Em contextos de crise, uma semana é uma eternidade. Depois de ter repetido durante dias que queria reabrir o país na altura da Páscoa, nomeadamente a 12 de abril, contra todas as indicações dos especialistas de saúde, o Presidente dos Estados Unidos, Donald Trump, deu o braço a torcer pela força da ciência e das imagens dos cadáveres a serem transportados do hospital da sua comunidade natal, Queens, em Nova Iorque.
“Vejam-se os acidentes de viação, que são muito mais do que os números de que estamos a falar”, disse o ocupante da Casa Branca no dia 23 de março, referindo-se às vítimas do novo coronavírus. “Isso não significa que vamos dizer a toda a gente para deixar de conduzir carros”. Ou, como Trump havia dito no Twitter no mesmo dia: “Não podemos deixar que a cura seja pior que a doença”.
Quase uma semana depois, o tom do Presidente mudou drasticamente na conferência de imprensa do último domingo. E acabou por repetir 16 vezes (contagem do Washington Post) a negra estatística do pior cenário possível: a epidemia pode provocar até 2,2 milhões de mortes nos EUA se nada for feito e se os cidadãos não respeitarem as regras de distanciamento social, segundo os modelos de dados estudados pela líder da task force para o coronavírus, Leah Birx, e por Anthony Fauci, diretor do Instituto Nacional de Alergias e Doenças. E o melhor cenário? Até 200 mil mortes.
“Nada seria pior do que declarar vitória antes de a vitória estar ganha”, disse o chefe da Casa Branca. E as imagens vindas do Elmhurst Hospital, em Queens, onde cresceu, aparentam ter-lhe tocado no coração – instalações hospitalares que o Presidente disse conhecer muito bem.

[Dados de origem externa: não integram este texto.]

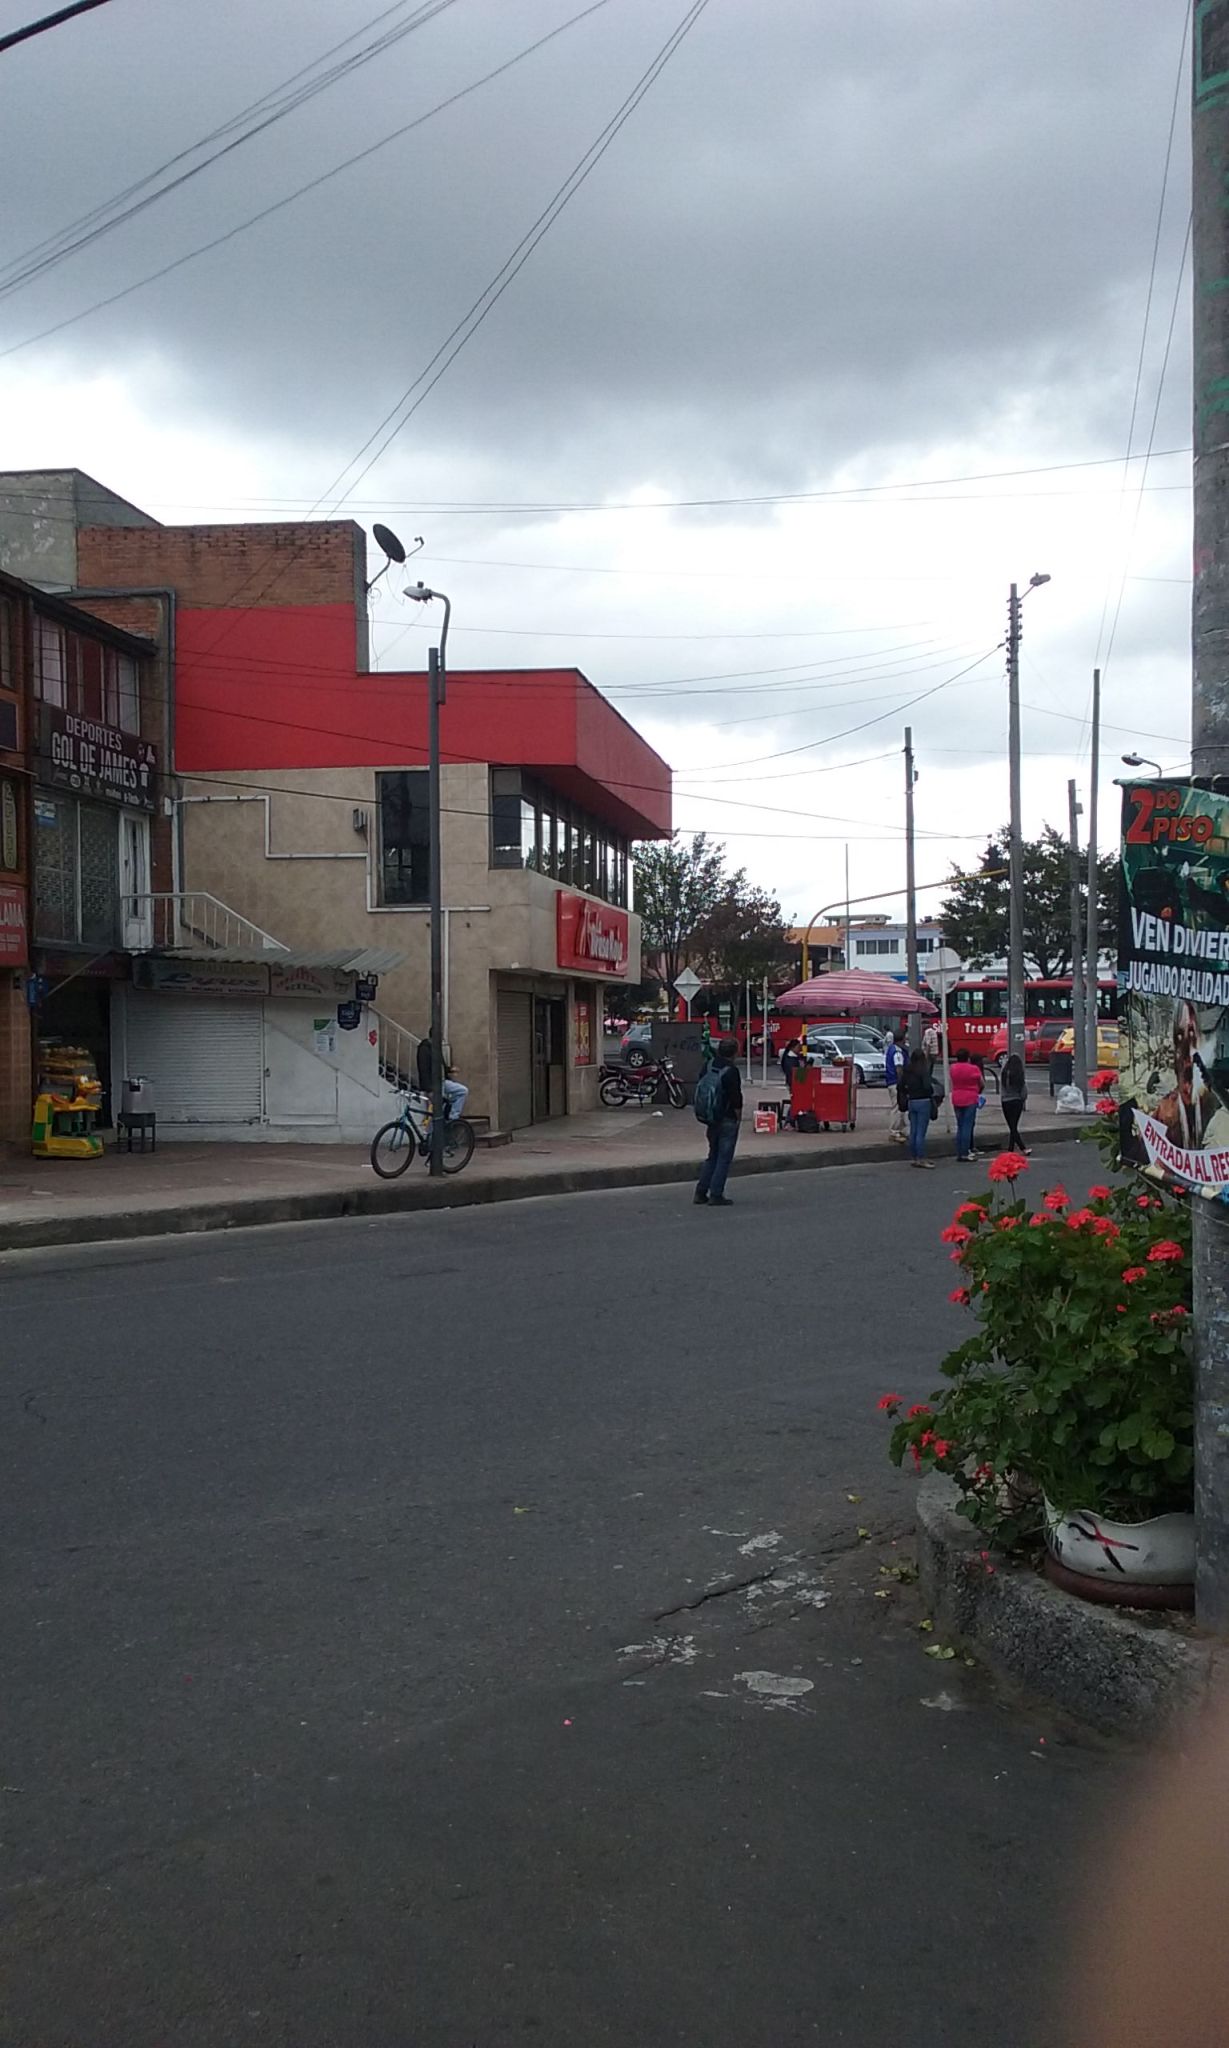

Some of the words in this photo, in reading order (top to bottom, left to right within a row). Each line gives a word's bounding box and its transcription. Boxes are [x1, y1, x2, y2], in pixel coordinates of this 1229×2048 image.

“Tenho assistido às imagens”, confidenciou Trump, referindo-se ao Elmhurst Hospital. “São camiões frigoríficos porque não se consegue lidar com os cadáveres, são muitos. Isto é essencialmente a minha comunidade em Queens – Queens, Nova Iorque. Vi coisas que nunca tinha visto antes. Quer dizer, vi-as, mas vi-as pela televisão, em terras longínquas”. E acrescentou: “Estão a tirar cadáveres de lá, e olha-se para dentro e vê-se sacos pretos com corpos. Dizemos, ‘o que está lá dentro?’ É o Elmhurst Hospital, devem ser suprimentos. Não são suprimentos; são pessoas”. Com isto, ordenou a extensão das medidas de confinamento até ao final de abril.
“Vamos todos morrer um dia”
Mas no hemisfério sul, Jair Bolsonaro continua a ir contra todas as indicações. A reunião alegadamente tensa, no sábado, entre o Presidente do Brasil e o seu ministro da Saúde, segundo o jornal brasileiro Estadão, em que o último lhe perguntou se estava preparado para ver camiões do exército cheios de cadáveres e isto a ser transmitido em direto pela internet, não aparenta ter produzido os efeitos desejados. Bolsonaro saiu novamente à rua no domingo, em Brasília, alegando que o fez para conhecer as necessidades do povo. E voltou a pronunciar-se contra as medidas de confinamento mais alargadas – além de a sua presença ter provocado ajuntamentos de pessoas.
“Essa é uma realidade, o vírus ‘tá aí. Vamos ter que enfrentá-lo, mas enfrentar como homem, porra. Não como um moleque. Vamos enfrentar o vírus com a realidade. É a vida. Todos nós iremos morrer um dia”, disse, argumentando que o confinamento deve reduzir-se apenas aos mais idosos e que se devia prestar mais atenção à economia.